==== Data shown ====

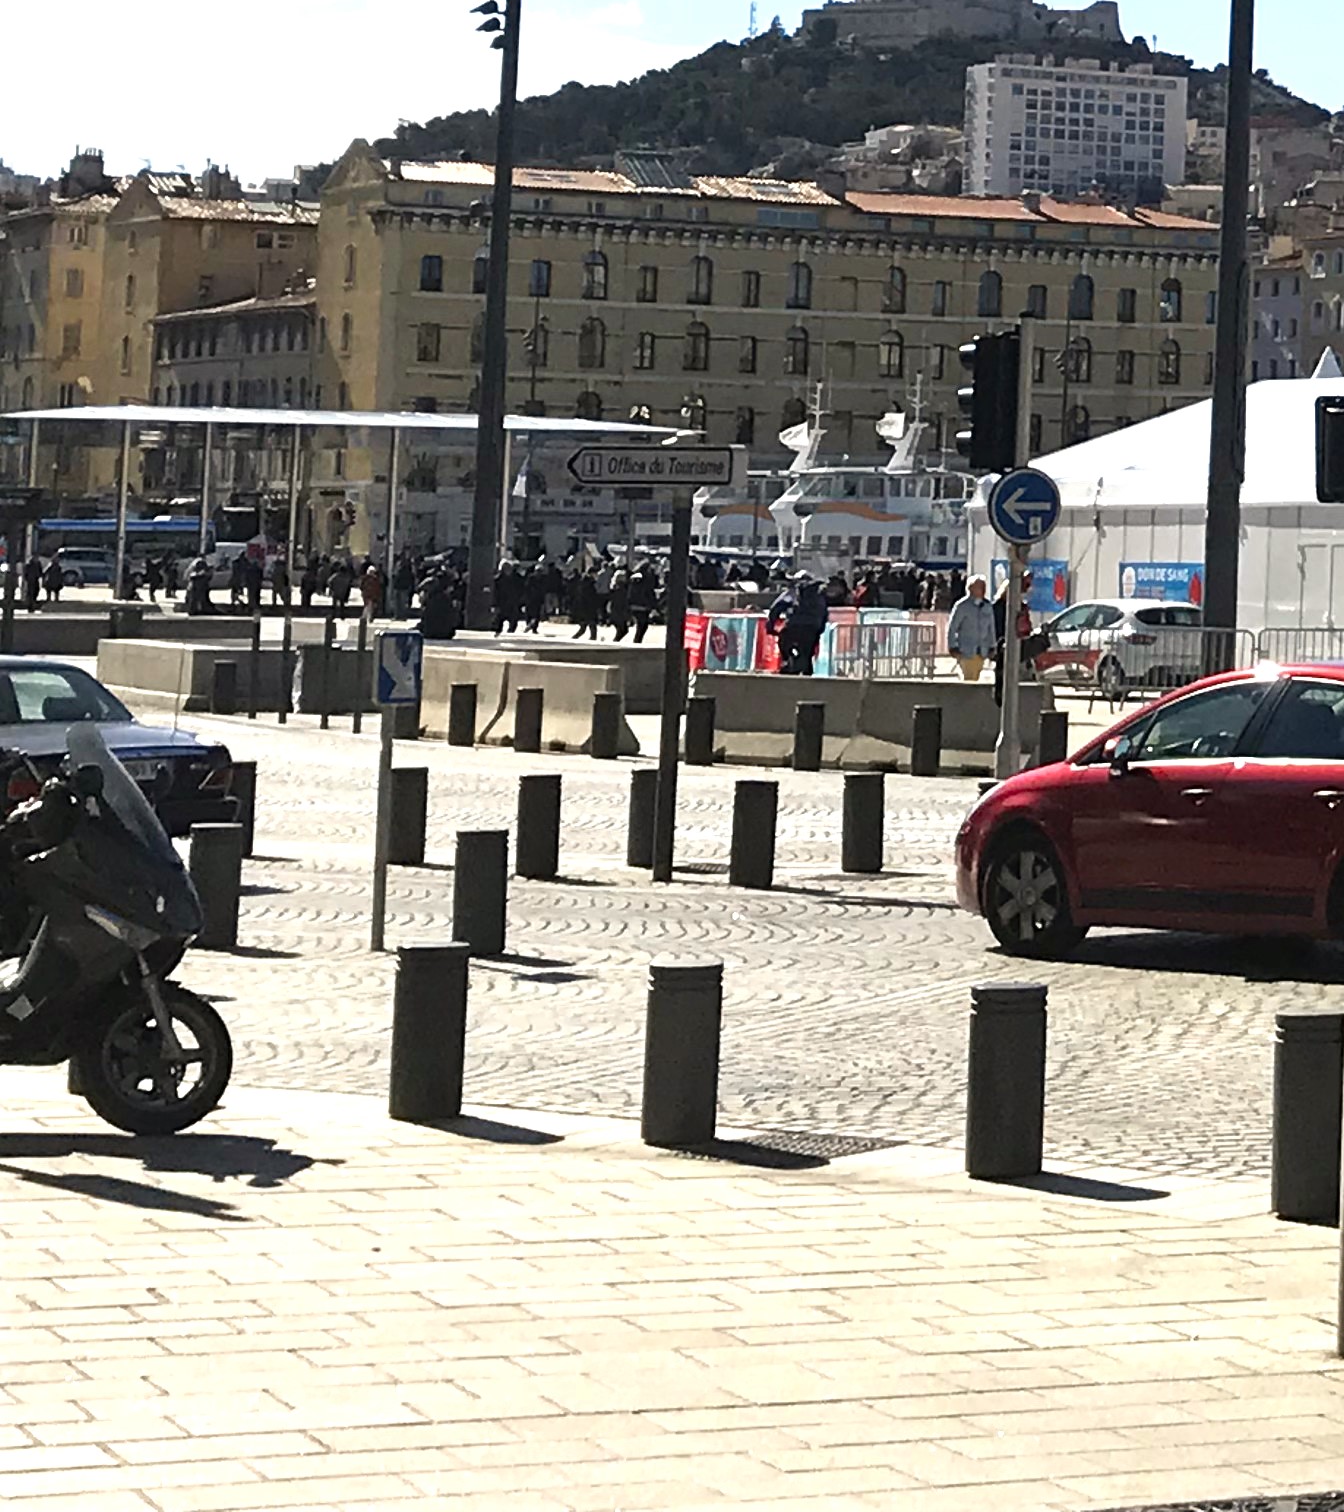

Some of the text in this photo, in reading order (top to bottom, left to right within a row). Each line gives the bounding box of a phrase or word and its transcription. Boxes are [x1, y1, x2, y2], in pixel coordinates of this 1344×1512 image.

[607, 455, 647, 475] Office
[649, 455, 665, 475] du
[668, 455, 726, 475] Tourisme
[1137, 567, 1189, 583] DON DE SANG

====

## What you are asked to do
A verbatim copy of the data, free of pictures, is the expected answer.

## Written response
Some of the text in this photo, in reading order (top to bottom, left to right within a row). Each line gives the bounding box of a phrase or word and its transcription. Boxes are [x1, y1, x2, y2], in pixel coordinates of this 1344×1512 image.

[607, 455, 647, 475] Office
[649, 455, 665, 475] du
[668, 455, 726, 475] Tourisme
[1137, 567, 1189, 583] DON DE SANG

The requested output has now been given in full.